C’était une ville ouverte, où l’individu définissait la communauté, à l’inverse du modèle athénien où la communauté l’emportait sur l’individu. Tous les Romains avaient deux identités, définies par origo (le lieu d’origine de la famille dans une colonie ou une municipalité, à laquelle la citoyenneté collective était accordée) et par la citoyenneté légale individuelle au sein de l’empire. C’est-à-dire que les Romains avaient la double citoyenneté. Dans l’empire, les Grecs et les Juifs, hommes libres, étaient également Romains. Là où Athènes, avec sa démocratie directe basée sur 30 000 citoyens de sexe masculin, s’effondra au bout de quelques décennies, l’empire mondial de Rome, qui reposait sur la transformation des étrangers vaincus en citoyens aux droits civiques égaux, connut le succès pendant des siècles.

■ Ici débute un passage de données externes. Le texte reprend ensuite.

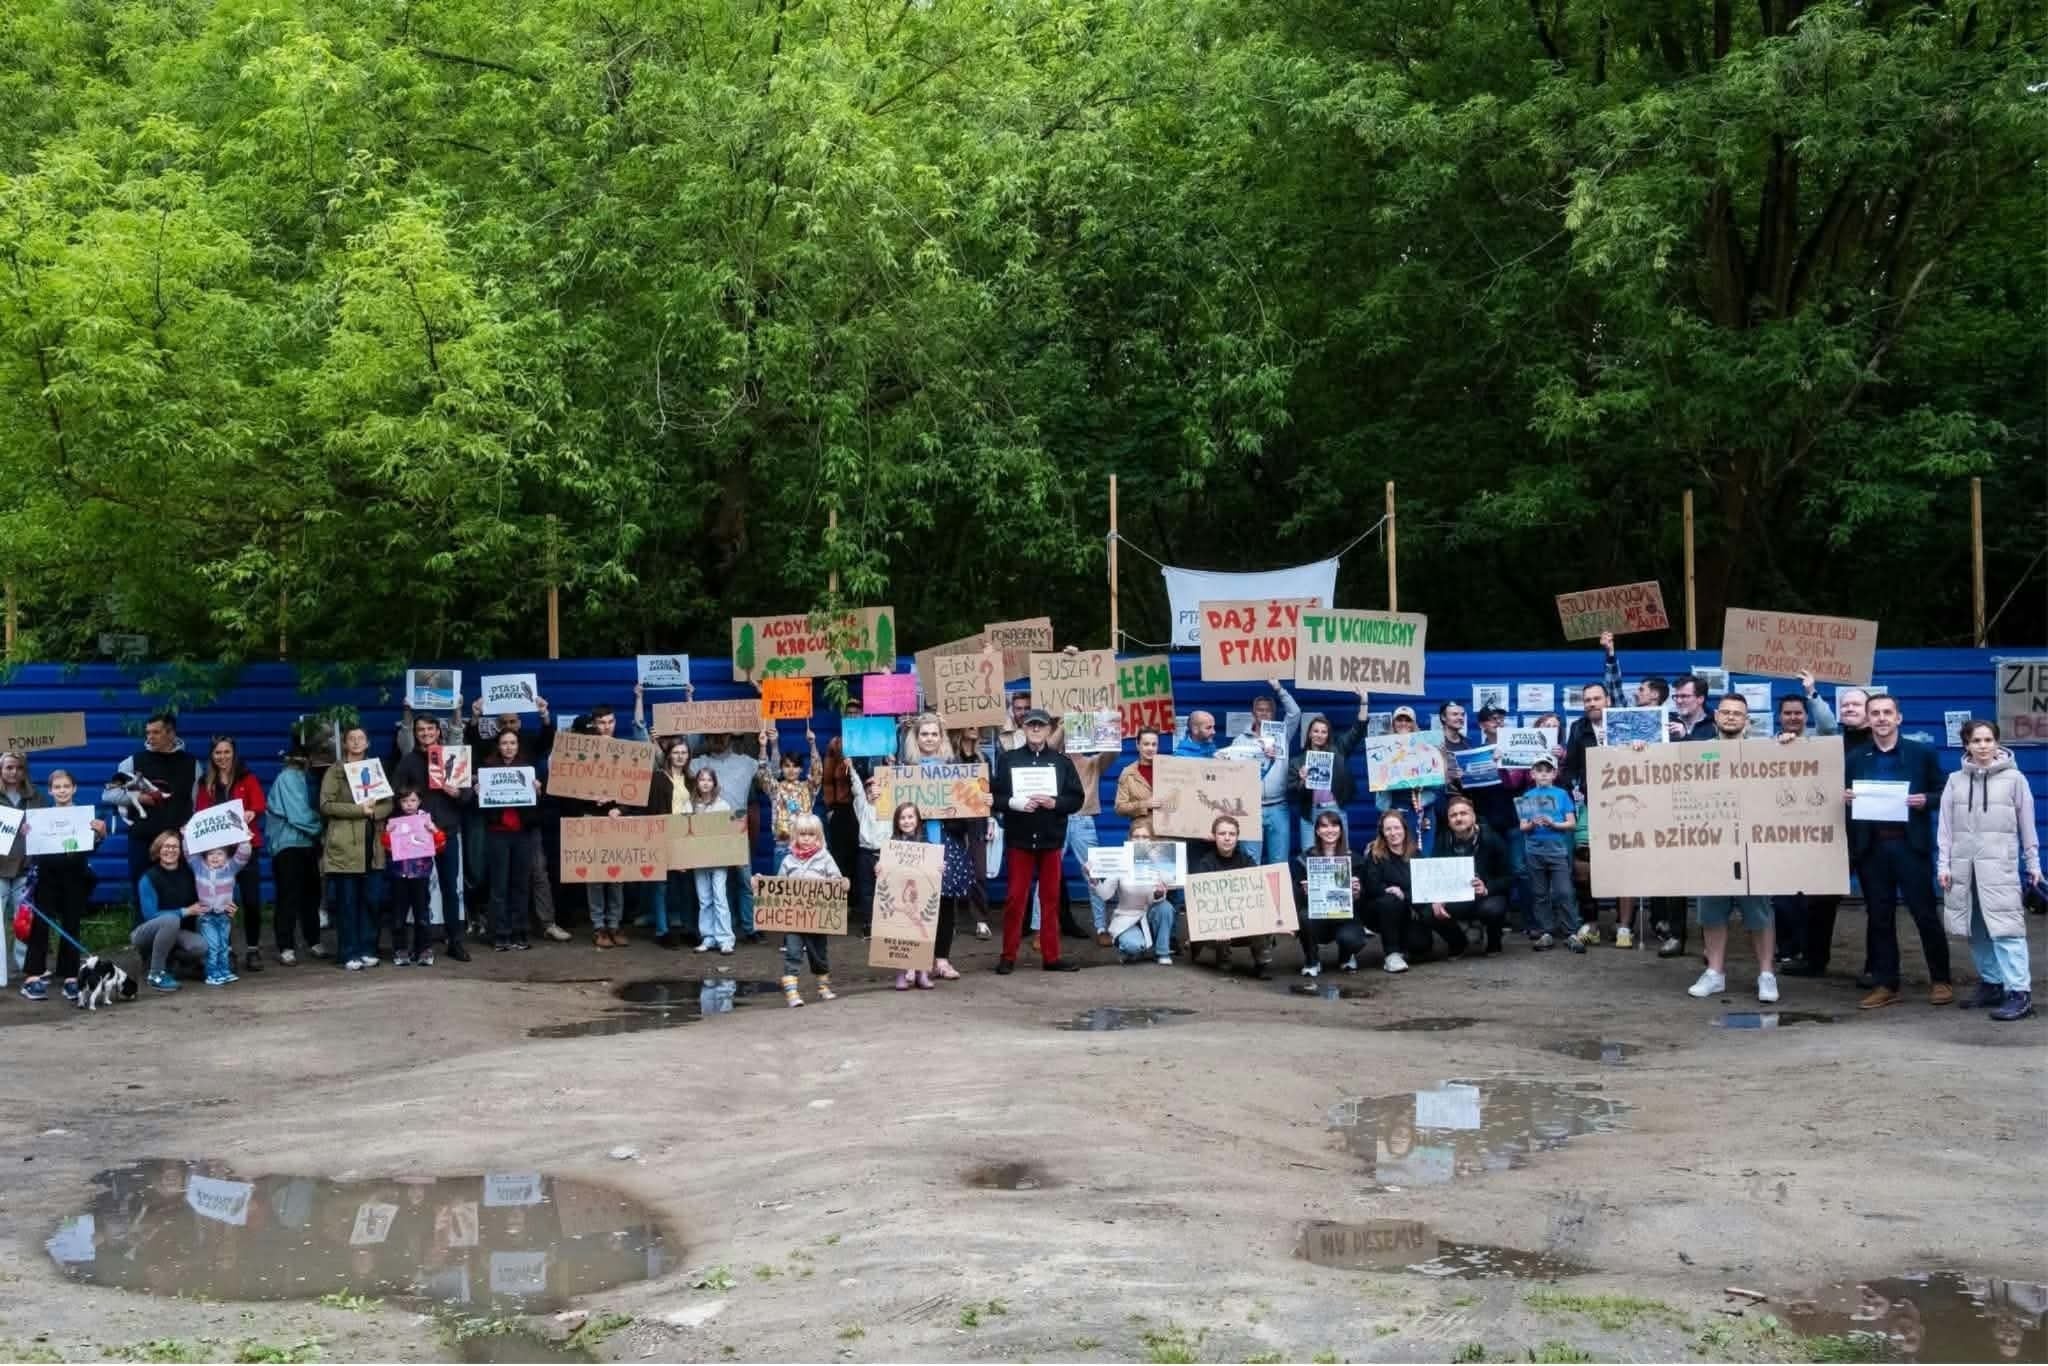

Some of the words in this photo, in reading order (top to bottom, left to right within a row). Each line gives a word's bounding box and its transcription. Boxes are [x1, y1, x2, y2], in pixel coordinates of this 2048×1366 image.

[1206, 607, 1256, 633] DAJ
[1303, 616, 1336, 643] TU
[1745, 616, 1768, 633] NIE
[1219, 637, 1296, 666] PTAKO
[1766, 639, 1785, 655] NA
[1039, 658, 1089, 680] SUSZA
[1308, 655, 1333, 681] NA
[1340, 656, 1411, 686] DRZEWA
[2004, 664, 2048, 693] ZIE
[490, 684, 520, 694] PTASI
[945, 679, 977, 694] CZY
[944, 694, 1002, 714] BETON
[1040, 686, 1109, 710] WYCINKA
[8, 735, 56, 750] PONURY
[892, 765, 914, 779] TU
[921, 764, 980, 780] NADAJE
[1730, 759, 1820, 779] KOLOSEUM
[894, 783, 953, 806] PTASIE
[1608, 829, 1645, 850] DLA
[1653, 821, 1723, 849] DZIKÓW
[1751, 824, 1834, 845] RADNYCH
[564, 849, 597, 864] PTASI
[757, 879, 848, 901] POSŁUCHAJCIE
[783, 897, 816, 910] NAS
[755, 908, 817, 929] CHCEMY
[818, 908, 842, 930] LAS
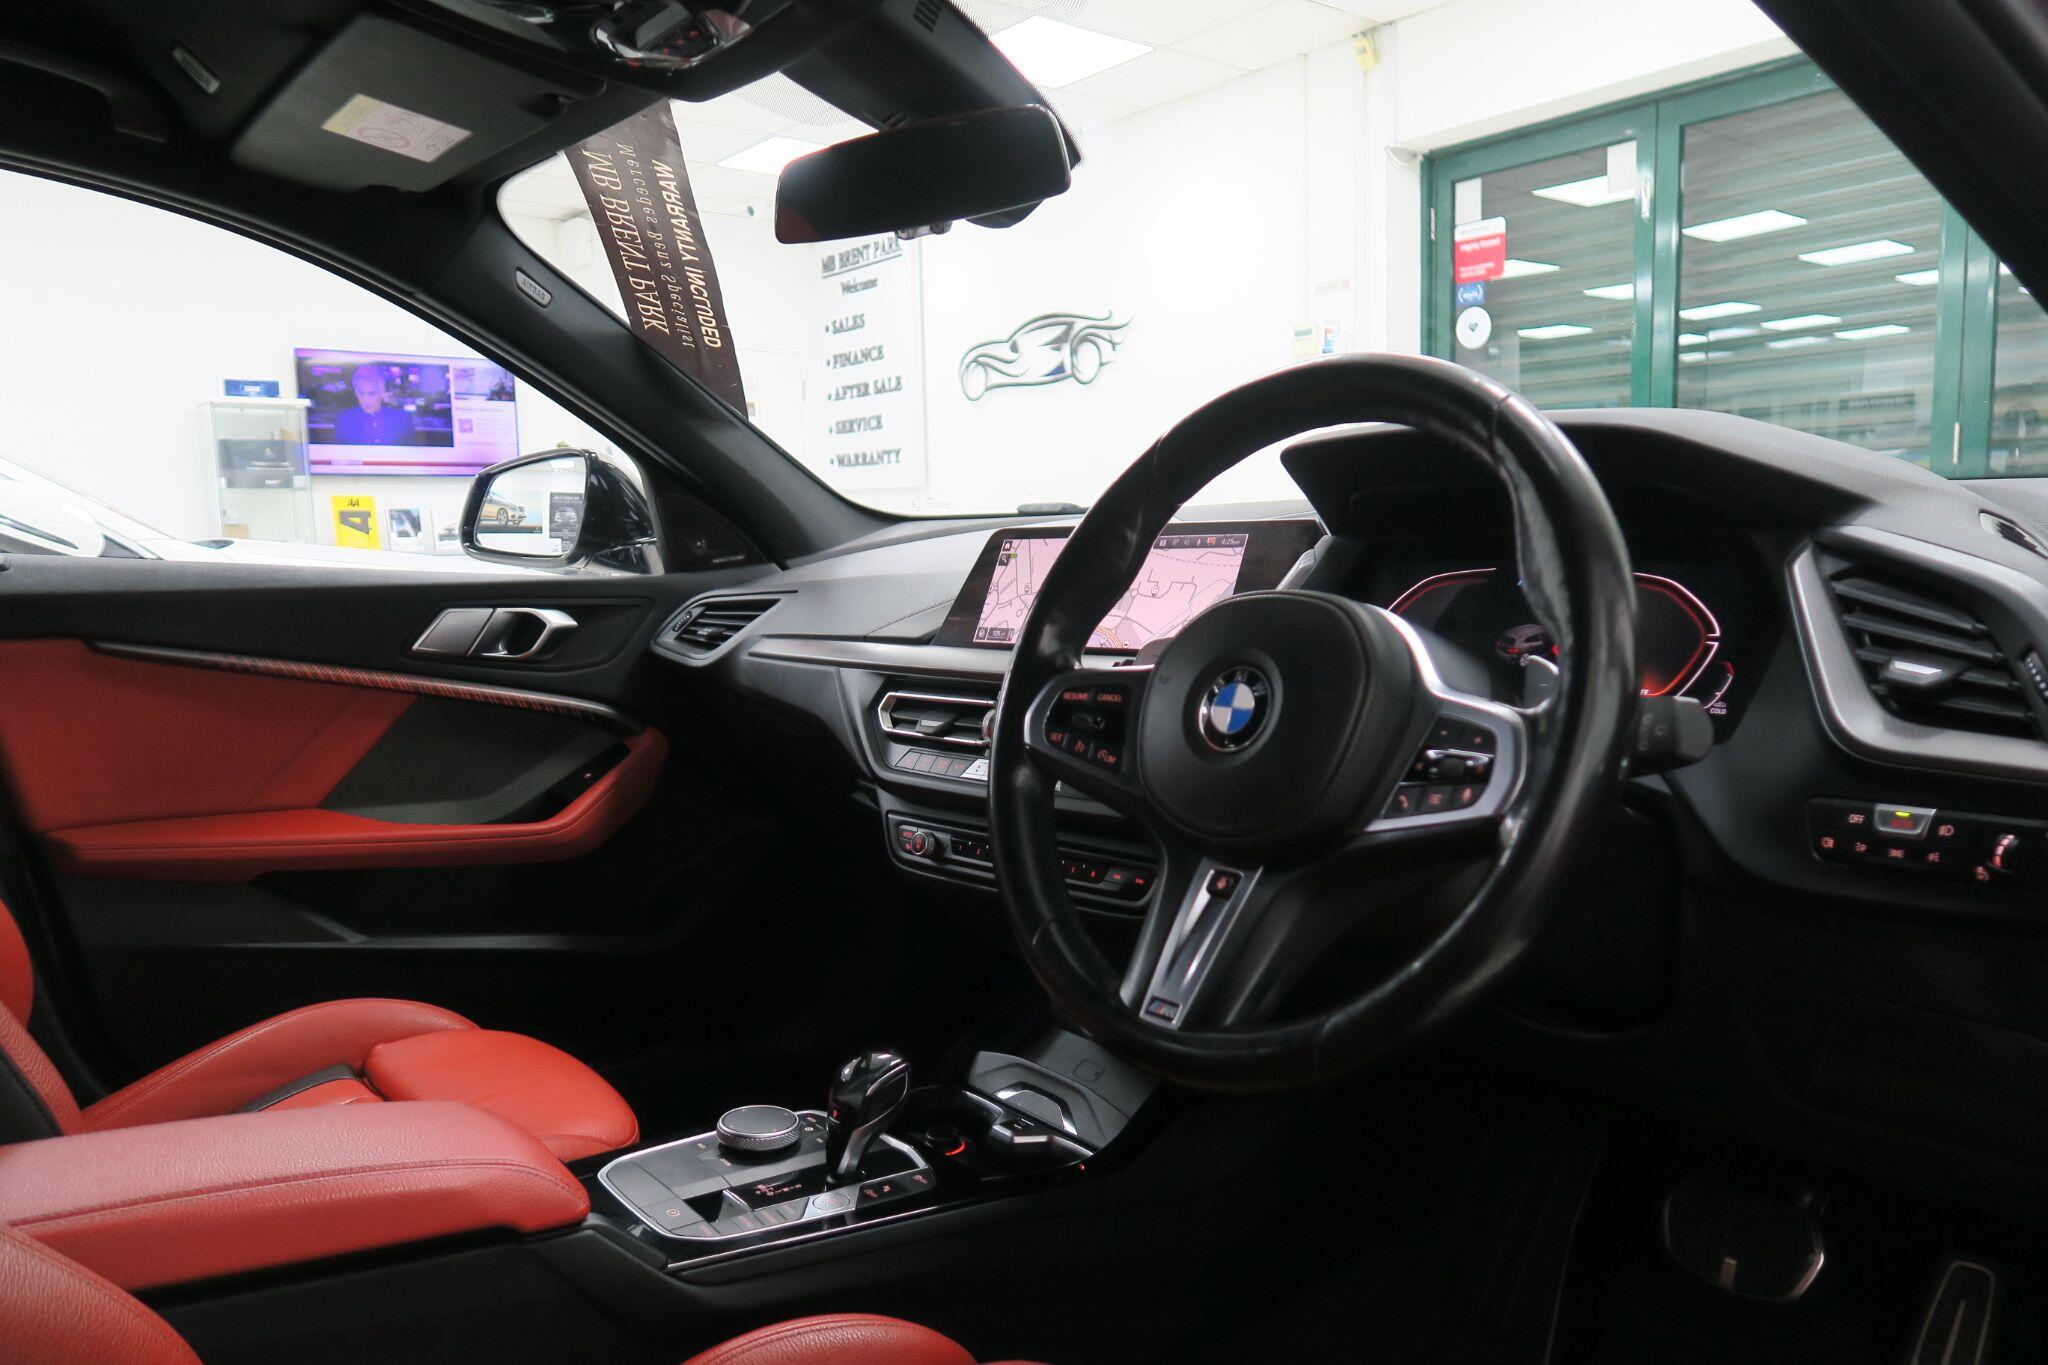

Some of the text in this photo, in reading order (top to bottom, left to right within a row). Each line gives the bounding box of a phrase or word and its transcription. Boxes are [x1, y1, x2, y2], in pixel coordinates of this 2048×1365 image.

[821, 255, 836, 273] MB
[838, 243, 871, 269] BRENT
[840, 278, 878, 296] Welcome
[832, 313, 865, 335] SALES
[832, 345, 884, 369] FINANCE
[833, 376, 902, 401] AFTER SALE
[835, 414, 883, 434] SERVICE
[836, 448, 902, 468] WARRANTY
[1847, 814, 1865, 823] OFF

« À strictement parler, personne n’était citoyen romain pur. Tous les citoyens romains venaient d’autre part et avaient un origo externe quelconque. »
Dans le troisième modèle, l’acceptation nuancée de l’étranger par Jérusalem comme égal parmi tous place la barre plus haut. Di Cesare explore les modèles bibliques de la résidence (pour l’étranger) et de la citoyenneté (pour les natifs du lieu). Plutôt que d’être opposés, les deux sont intimement liés. Son exploration de la vision biblique de « l’espace » et de son lien à la création, à la ville, au culte et aux relations humaines (du point de vue l’ouverture et de la communauté, par opposition aux frontières et aux restrictions) sous-tend sa perspective nouvelle.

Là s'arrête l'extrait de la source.